Assignment:
Type out each entry exactly as it appears, but keep every image out.

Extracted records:
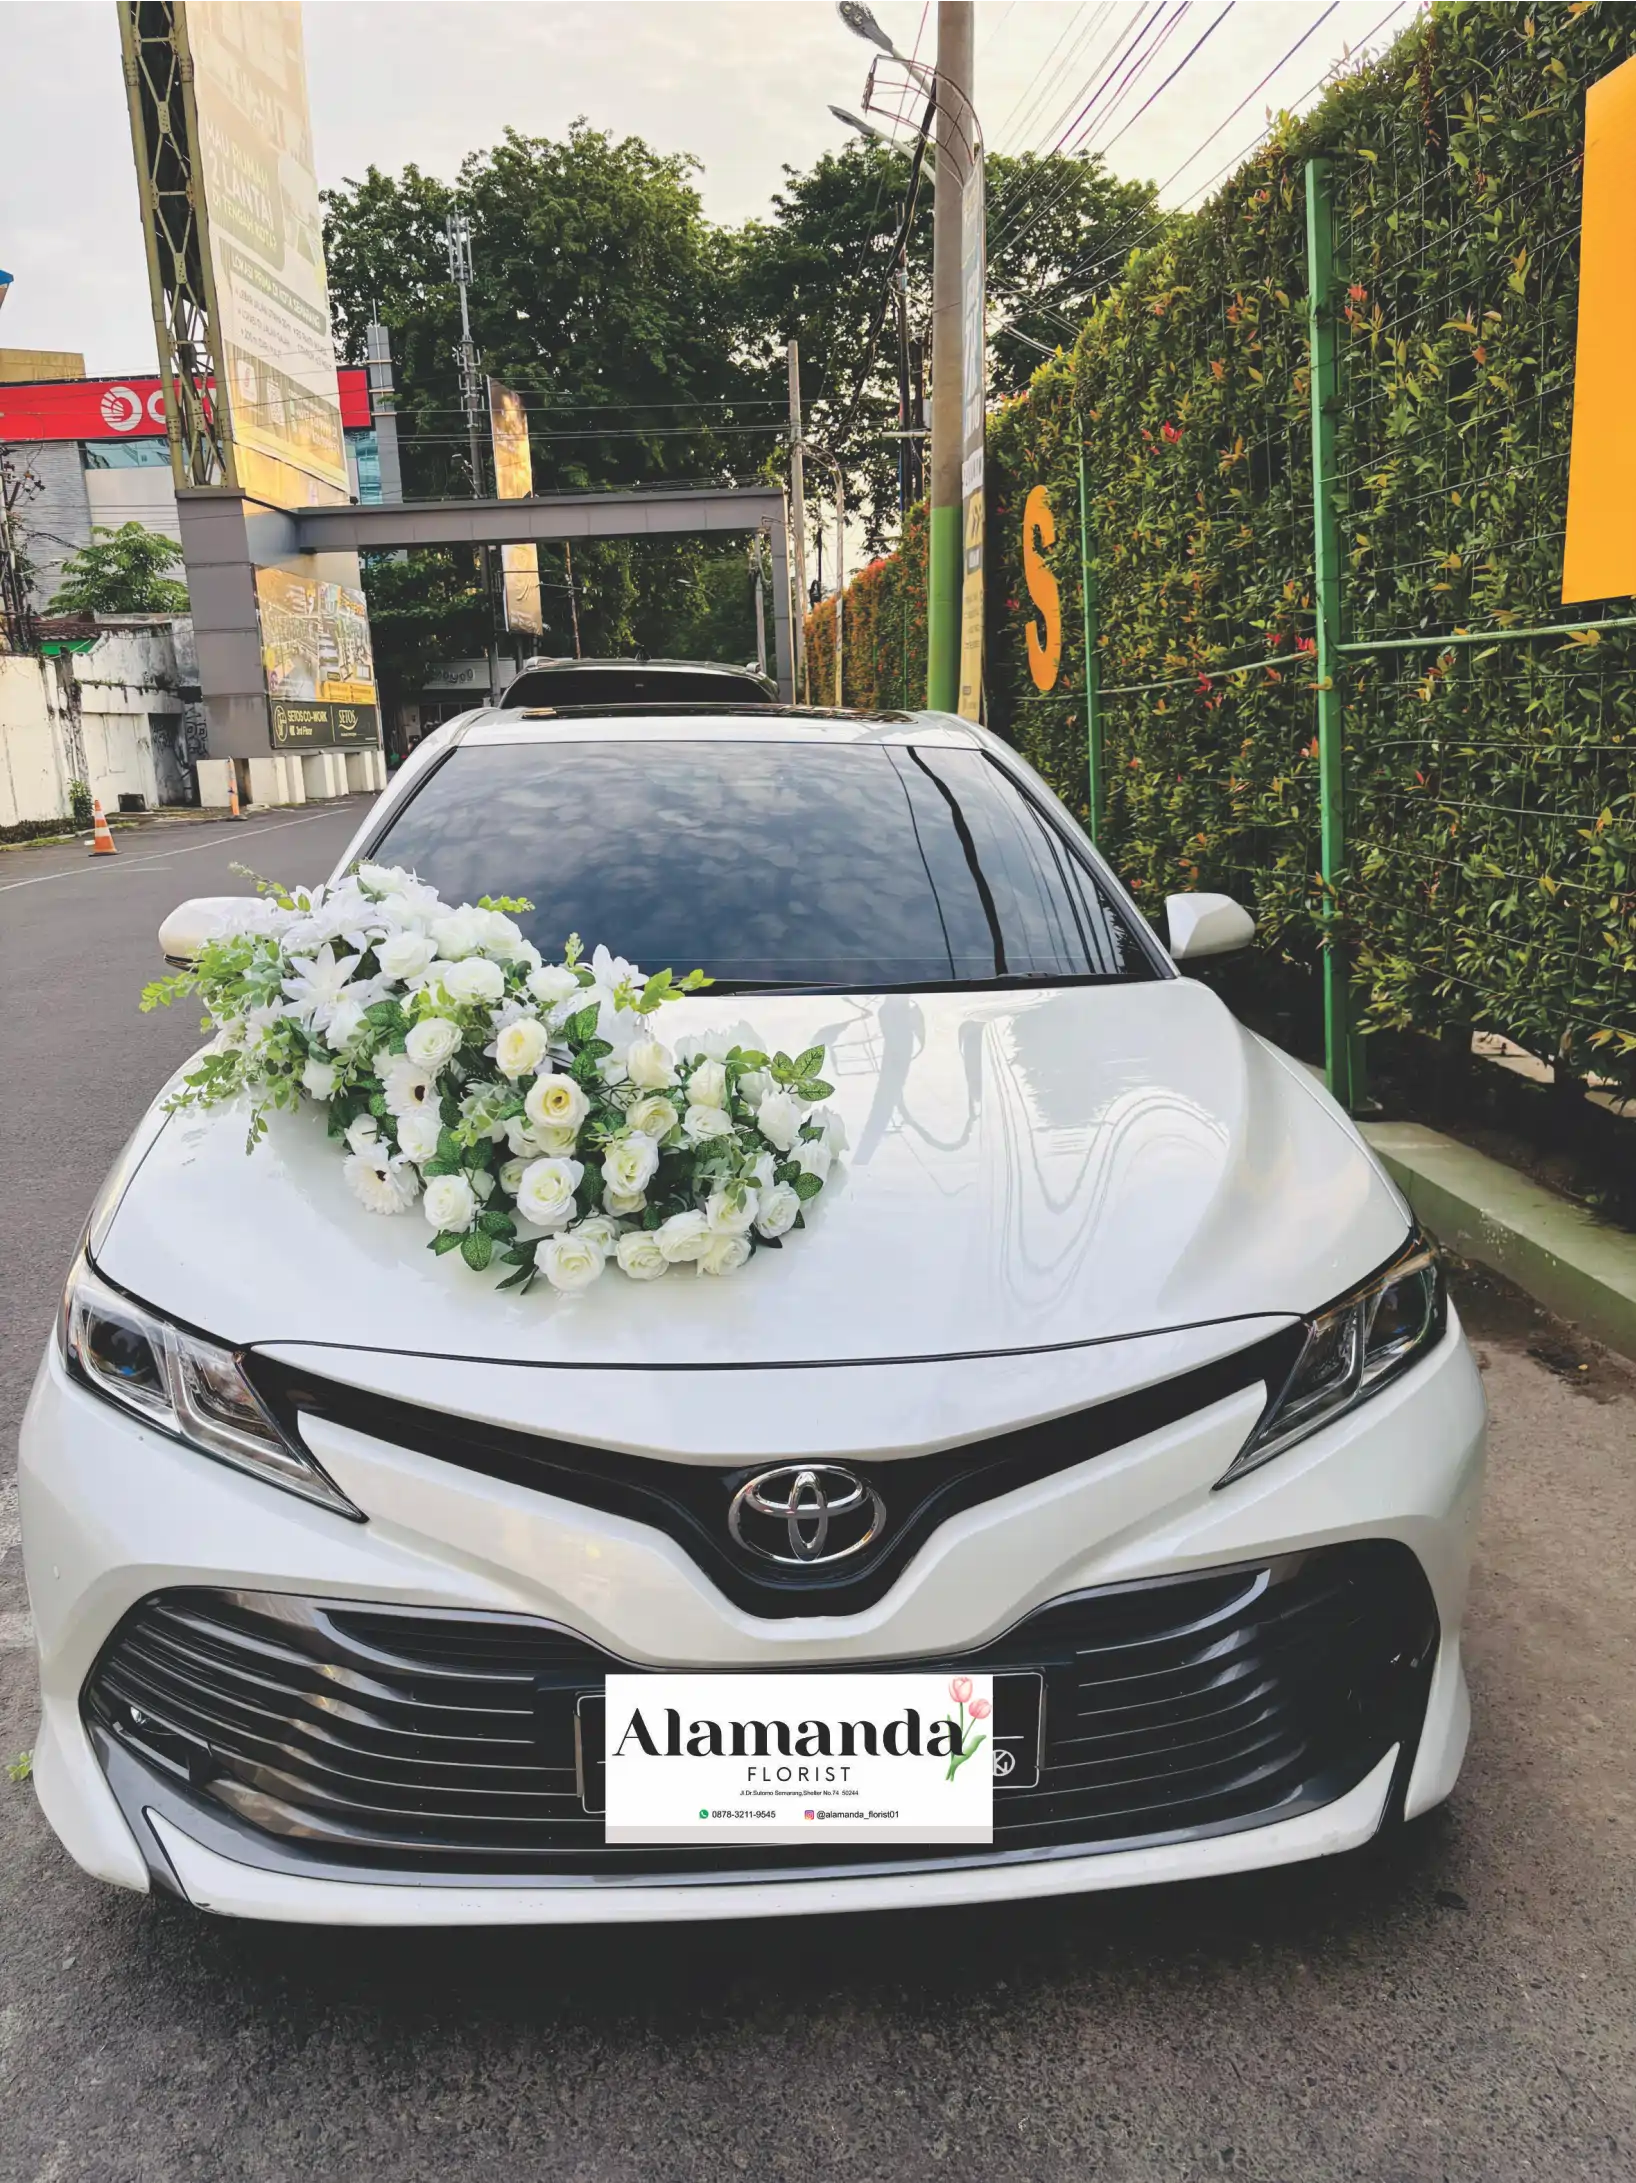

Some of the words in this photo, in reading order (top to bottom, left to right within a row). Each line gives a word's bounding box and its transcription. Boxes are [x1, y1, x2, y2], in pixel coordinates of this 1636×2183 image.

[222, 161, 274, 232] LANTAI
[1023, 485, 1062, 691] S
[338, 709, 356, 723] SETOS
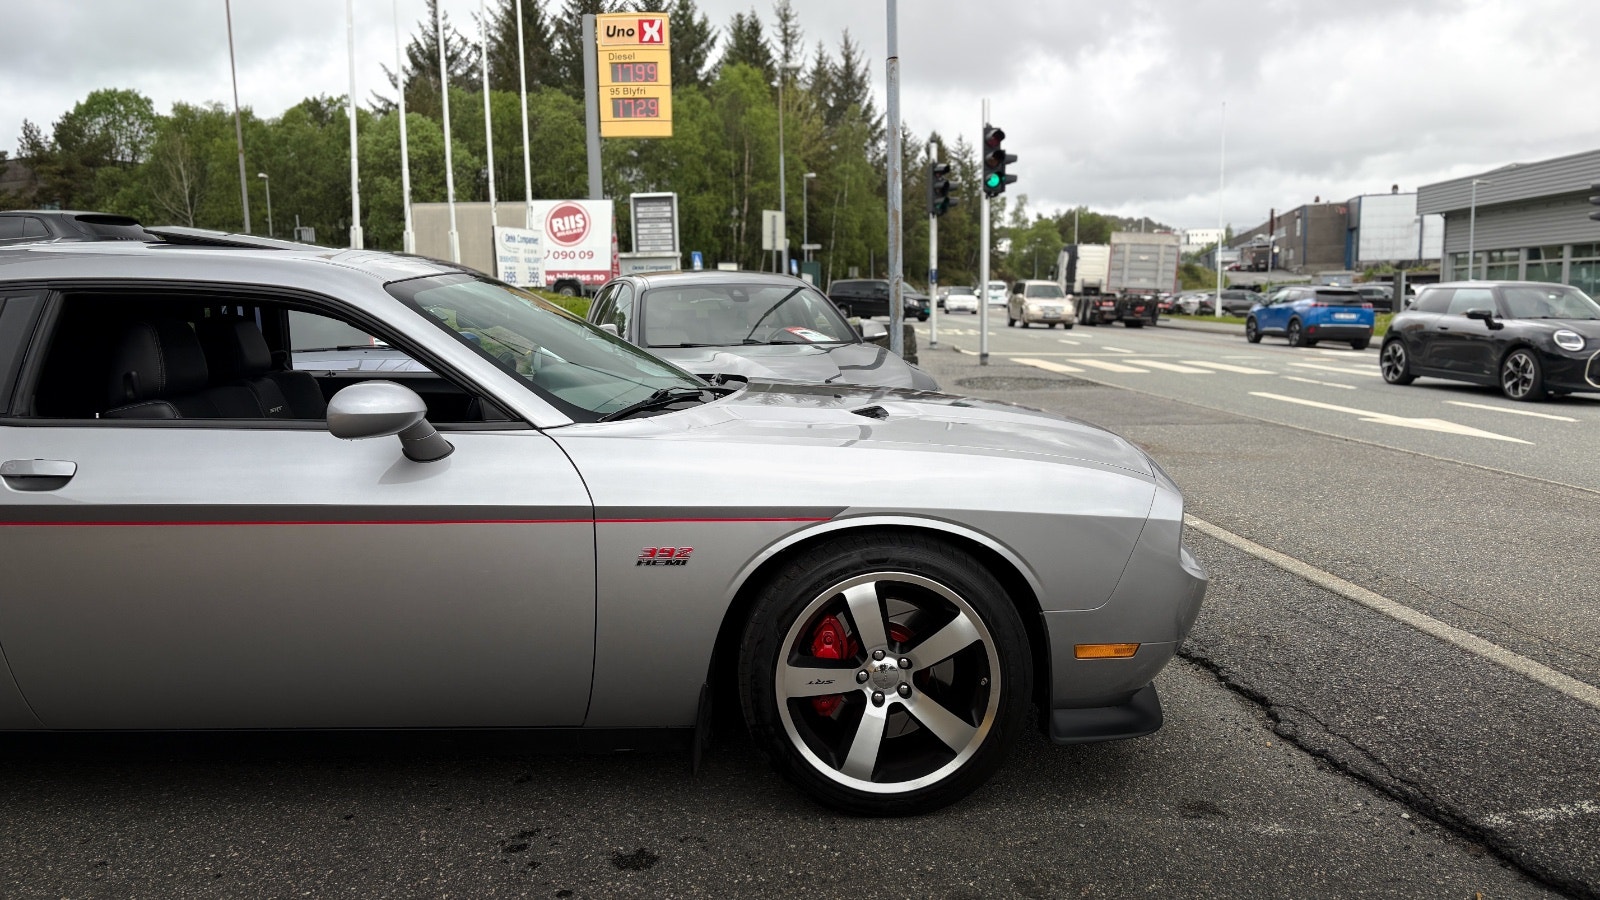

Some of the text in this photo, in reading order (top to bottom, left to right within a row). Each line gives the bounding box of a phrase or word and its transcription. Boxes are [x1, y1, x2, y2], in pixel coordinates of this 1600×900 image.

[606, 19, 662, 42] Uno X
[608, 52, 635, 61] Diesel
[610, 87, 646, 97] 95 Blyfri
[551, 213, 585, 233] RIIS
[552, 250, 594, 260] 090 09
[638, 546, 694, 559] 392

Exercise output:
Some of the words in this photo, in reading order (top to bottom, left to right within a row). Each line gives a word's bounding box and its transcription. Boxes are [x1, y1, x2, y2], in pixel coordinates of this 1636×2183 image.

[222, 161, 274, 232] LANTAI
[1023, 485, 1062, 691] S
[338, 709, 356, 723] SETOS

Some of the text in this photo, in reading order (top to bottom, left to right within a row). Each line gives the bounding box of a phrase or word and its transcription. Boxes are [x1, y1, x2, y2], in pixel coordinates of this 1600×900 image.

[606, 19, 662, 42] Uno X
[608, 52, 635, 61] Diesel
[610, 87, 646, 97] 95 Blyfri
[551, 213, 585, 233] RIIS
[552, 250, 594, 260] 090 09
[638, 546, 694, 559] 392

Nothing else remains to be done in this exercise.